## [What you should do]
Return every line below as is, leaving out the pictures.

### Recorded information

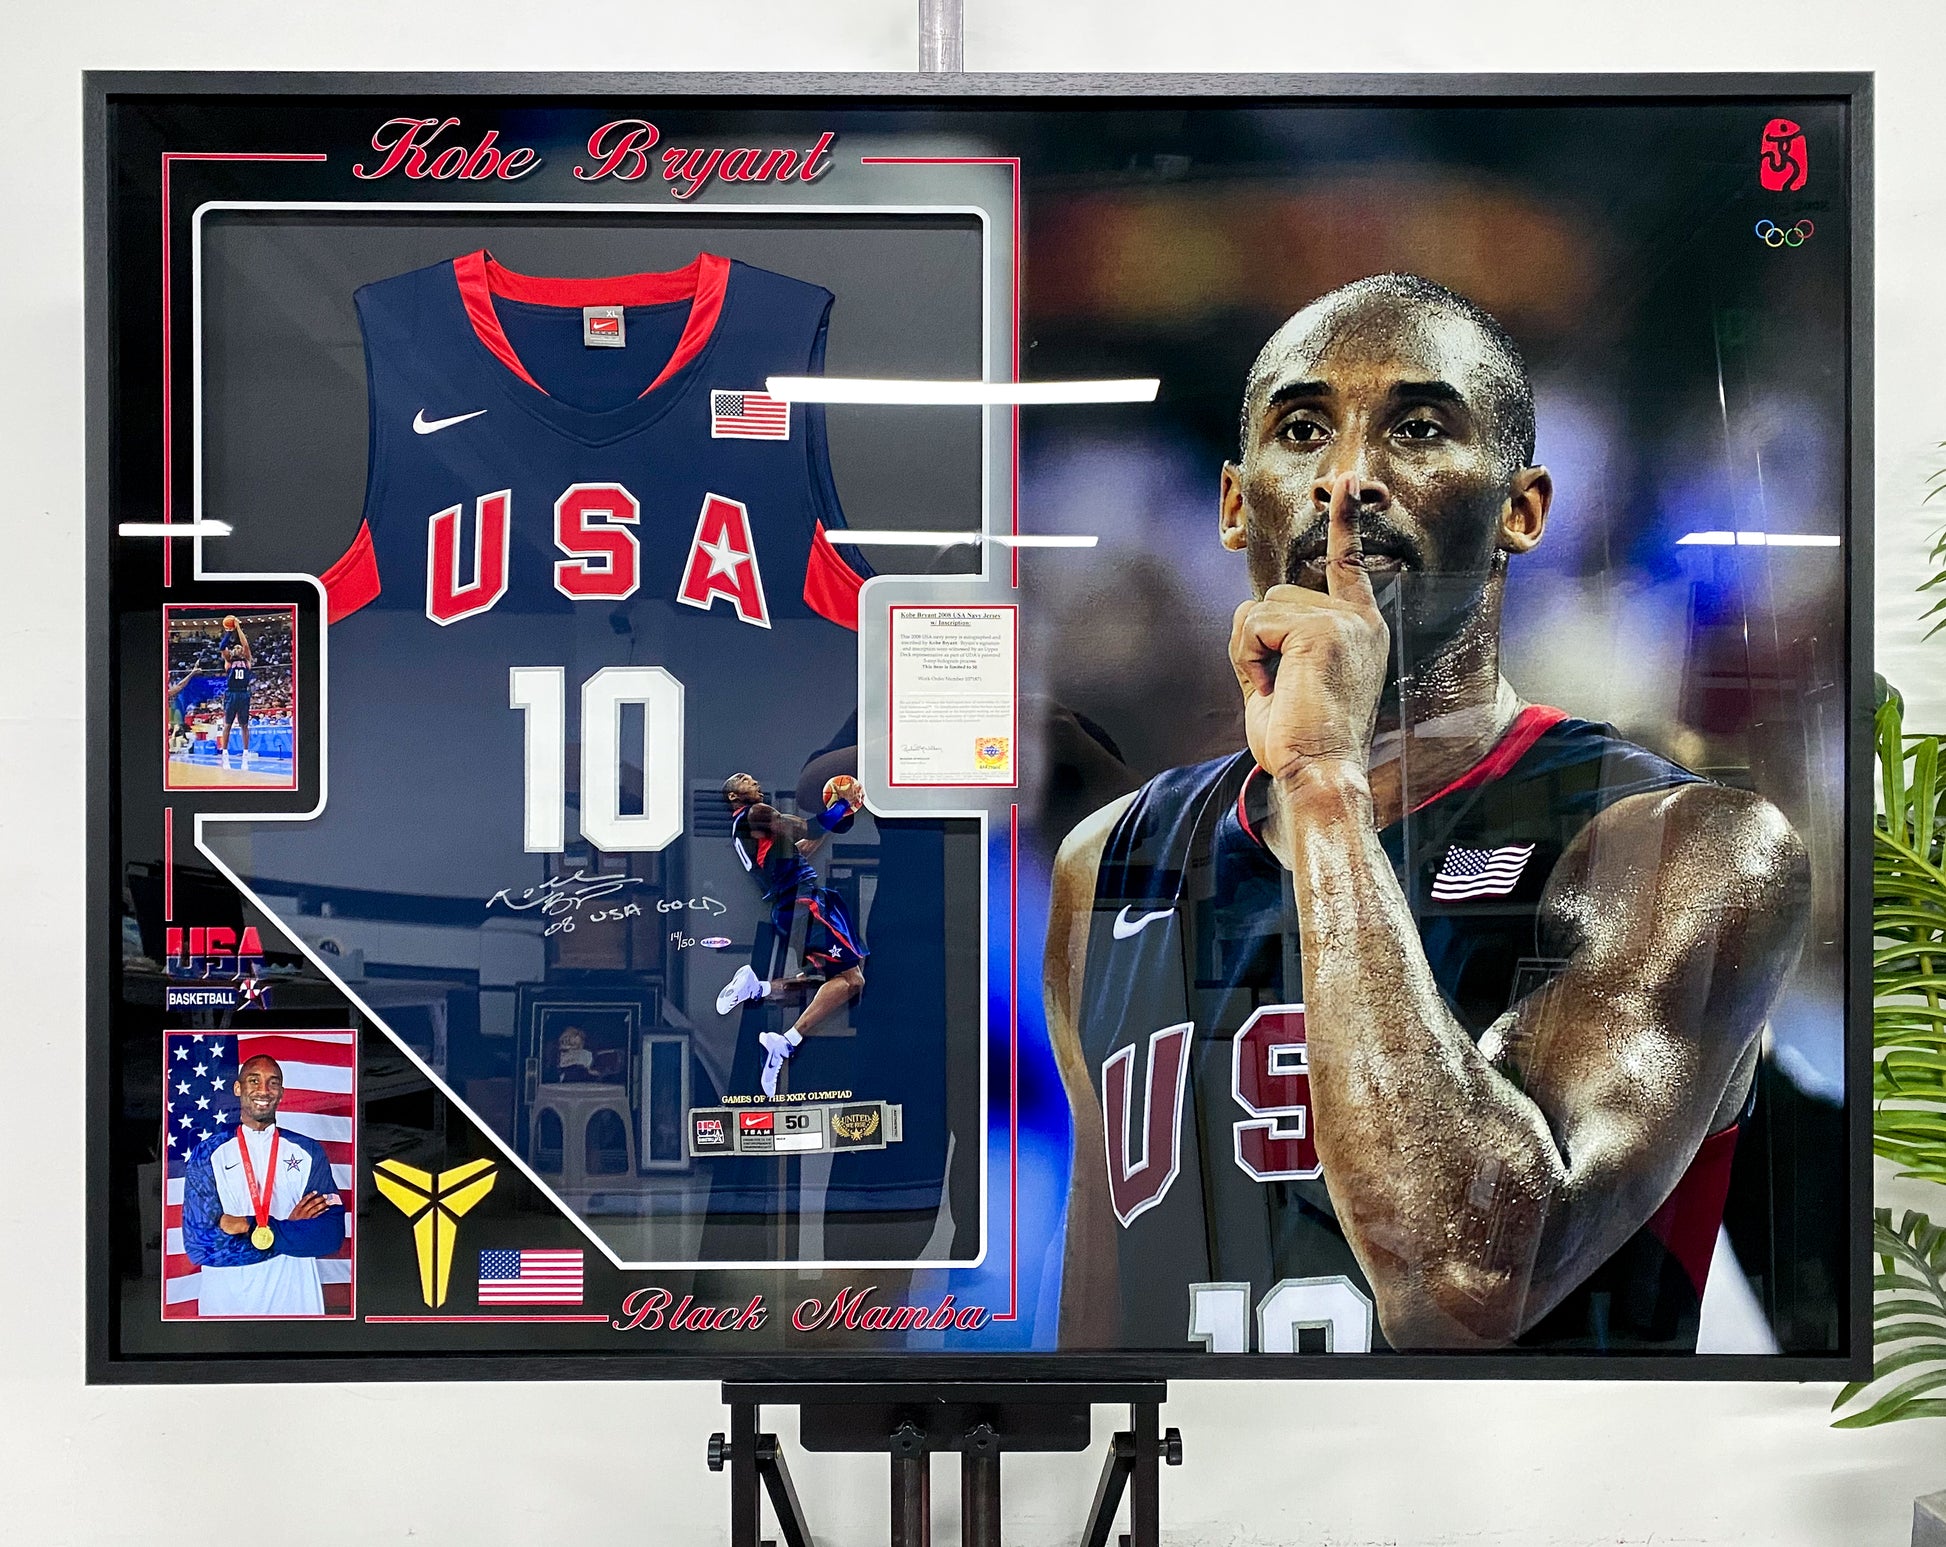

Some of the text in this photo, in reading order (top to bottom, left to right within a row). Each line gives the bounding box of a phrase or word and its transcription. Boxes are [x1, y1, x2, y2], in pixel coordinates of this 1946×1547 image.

[353, 117, 835, 199] Kobe Bryant
[426, 482, 772, 630] USA
[235, 669, 244, 680] 10
[509, 666, 684, 853] 10
[166, 926, 264, 981] USA
[169, 992, 235, 1005] BASKETBALL
[722, 1095, 752, 1104] GAMES
[753, 1095, 766, 1103] OF
[787, 1092, 806, 1102] XXIX
[808, 1090, 853, 1101] OLYMPIAD
[785, 1114, 810, 1130] 50
[841, 1113, 872, 1124] UNITED
[697, 1120, 722, 1136] USA
[612, 1285, 991, 1331] Black Mamba

######

## [Answer space]
Some of the text in this photo, in reading order (top to bottom, left to right within a row). Each line gives the bounding box of a phrase or word and its transcription. Boxes are [x1, y1, x2, y2], in pixel coordinates of this 1946×1547 image.

[353, 117, 835, 199] Kobe Bryant
[426, 482, 772, 630] USA
[235, 669, 244, 680] 10
[509, 666, 684, 853] 10
[166, 926, 264, 981] USA
[169, 992, 235, 1005] BASKETBALL
[722, 1095, 752, 1104] GAMES
[753, 1095, 766, 1103] OF
[787, 1092, 806, 1102] XXIX
[808, 1090, 853, 1101] OLYMPIAD
[785, 1114, 810, 1130] 50
[841, 1113, 872, 1124] UNITED
[697, 1120, 722, 1136] USA
[612, 1285, 991, 1331] Black Mamba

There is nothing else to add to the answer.